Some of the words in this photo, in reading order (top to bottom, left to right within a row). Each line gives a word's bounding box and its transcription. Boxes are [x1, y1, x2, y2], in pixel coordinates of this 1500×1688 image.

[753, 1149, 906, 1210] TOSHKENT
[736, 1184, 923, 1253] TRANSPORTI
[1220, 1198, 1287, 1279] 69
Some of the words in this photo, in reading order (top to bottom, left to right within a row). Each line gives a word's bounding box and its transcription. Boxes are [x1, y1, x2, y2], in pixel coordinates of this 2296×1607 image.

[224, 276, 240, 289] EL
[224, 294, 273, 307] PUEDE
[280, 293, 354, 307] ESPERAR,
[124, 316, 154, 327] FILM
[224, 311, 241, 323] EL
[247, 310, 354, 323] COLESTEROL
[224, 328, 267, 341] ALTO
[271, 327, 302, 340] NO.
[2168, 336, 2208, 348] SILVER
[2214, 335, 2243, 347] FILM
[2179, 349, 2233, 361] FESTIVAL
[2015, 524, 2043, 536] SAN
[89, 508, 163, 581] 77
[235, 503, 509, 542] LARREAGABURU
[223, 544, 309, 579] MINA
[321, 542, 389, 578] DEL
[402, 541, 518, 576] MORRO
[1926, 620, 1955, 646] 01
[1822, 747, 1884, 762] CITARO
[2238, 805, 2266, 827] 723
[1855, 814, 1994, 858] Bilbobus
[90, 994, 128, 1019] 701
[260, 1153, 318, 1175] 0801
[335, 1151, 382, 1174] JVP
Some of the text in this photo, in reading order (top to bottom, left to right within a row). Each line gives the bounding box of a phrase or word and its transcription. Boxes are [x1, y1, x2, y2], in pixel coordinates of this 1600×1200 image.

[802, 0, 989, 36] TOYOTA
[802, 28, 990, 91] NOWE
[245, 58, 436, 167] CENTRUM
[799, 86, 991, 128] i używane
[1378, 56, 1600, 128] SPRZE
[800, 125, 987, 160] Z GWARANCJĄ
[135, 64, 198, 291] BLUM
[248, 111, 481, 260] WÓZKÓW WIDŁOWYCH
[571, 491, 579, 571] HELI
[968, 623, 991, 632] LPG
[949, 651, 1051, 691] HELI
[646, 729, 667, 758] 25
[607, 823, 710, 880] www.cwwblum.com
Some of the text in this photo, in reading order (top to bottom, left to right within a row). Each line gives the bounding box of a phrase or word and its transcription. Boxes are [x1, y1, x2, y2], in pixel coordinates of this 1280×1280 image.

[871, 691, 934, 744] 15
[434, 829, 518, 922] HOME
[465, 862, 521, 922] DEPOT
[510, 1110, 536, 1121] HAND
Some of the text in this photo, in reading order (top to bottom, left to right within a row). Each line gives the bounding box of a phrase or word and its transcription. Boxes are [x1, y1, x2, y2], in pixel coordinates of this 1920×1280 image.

****

▸ WHAT IS EXPECTED: Every entry above must be reproduced exactly.

▸ FINAL ANSWER:
Some of the words in this photo, in reading order (top to bottom, left to right within a row). Each line gives a word's bounding box and its transcription. Boxes are [x1, y1, x2, y2], in pixel coordinates of this 1500×1688 image.

[753, 1149, 906, 1210] TOSHKENT
[736, 1184, 923, 1253] TRANSPORTI
[1220, 1198, 1287, 1279] 69
Some of the words in this photo, in reading order (top to bottom, left to right within a row). Each line gives a word's bounding box and its transcription. Boxes are [x1, y1, x2, y2], in pixel coordinates of this 2296×1607 image.

[224, 276, 240, 289] EL
[224, 294, 273, 307] PUEDE
[280, 293, 354, 307] ESPERAR,
[124, 316, 154, 327] FILM
[224, 311, 241, 323] EL
[247, 310, 354, 323] COLESTEROL
[224, 328, 267, 341] ALTO
[271, 327, 302, 340] NO.
[2168, 336, 2208, 348] SILVER
[2214, 335, 2243, 347] FILM
[2179, 349, 2233, 361] FESTIVAL
[2015, 524, 2043, 536] SAN
[89, 508, 163, 581] 77
[235, 503, 509, 542] LARREAGABURU
[223, 544, 309, 579] MINA
[321, 542, 389, 578] DEL
[402, 541, 518, 576] MORRO
[1926, 620, 1955, 646] 01
[1822, 747, 1884, 762] CITARO
[2238, 805, 2266, 827] 723
[1855, 814, 1994, 858] Bilbobus
[90, 994, 128, 1019] 701
[260, 1153, 318, 1175] 0801
[335, 1151, 382, 1174] JVP
Some of the text in this photo, in reading order (top to bottom, left to right within a row). Each line gives the bounding box of a phrase or word and its transcription. Boxes are [x1, y1, x2, y2], in pixel coordinates of this 1600×1200 image.

[802, 0, 989, 36] TOYOTA
[802, 28, 990, 91] NOWE
[245, 58, 436, 167] CENTRUM
[799, 86, 991, 128] i używane
[1378, 56, 1600, 128] SPRZE
[800, 125, 987, 160] Z GWARANCJĄ
[135, 64, 198, 291] BLUM
[248, 111, 481, 260] WÓZKÓW WIDŁOWYCH
[571, 491, 579, 571] HELI
[968, 623, 991, 632] LPG
[949, 651, 1051, 691] HELI
[646, 729, 667, 758] 25
[607, 823, 710, 880] www.cwwblum.com
Some of the text in this photo, in reading order (top to bottom, left to right within a row). Each line gives the bounding box of a phrase or word and its transcription. Boxes are [x1, y1, x2, y2], in pixel coordinates of this 1280×1280 image.

[871, 691, 934, 744] 15
[434, 829, 518, 922] HOME
[465, 862, 521, 922] DEPOT
[510, 1110, 536, 1121] HAND
Some of the text in this photo, in reading order (top to bottom, left to right within a row). Each line gives the bounding box of a phrase or word and its transcription. Boxes are [x1, y1, x2, y2], in pixel coordinates of this 1920×1280 image.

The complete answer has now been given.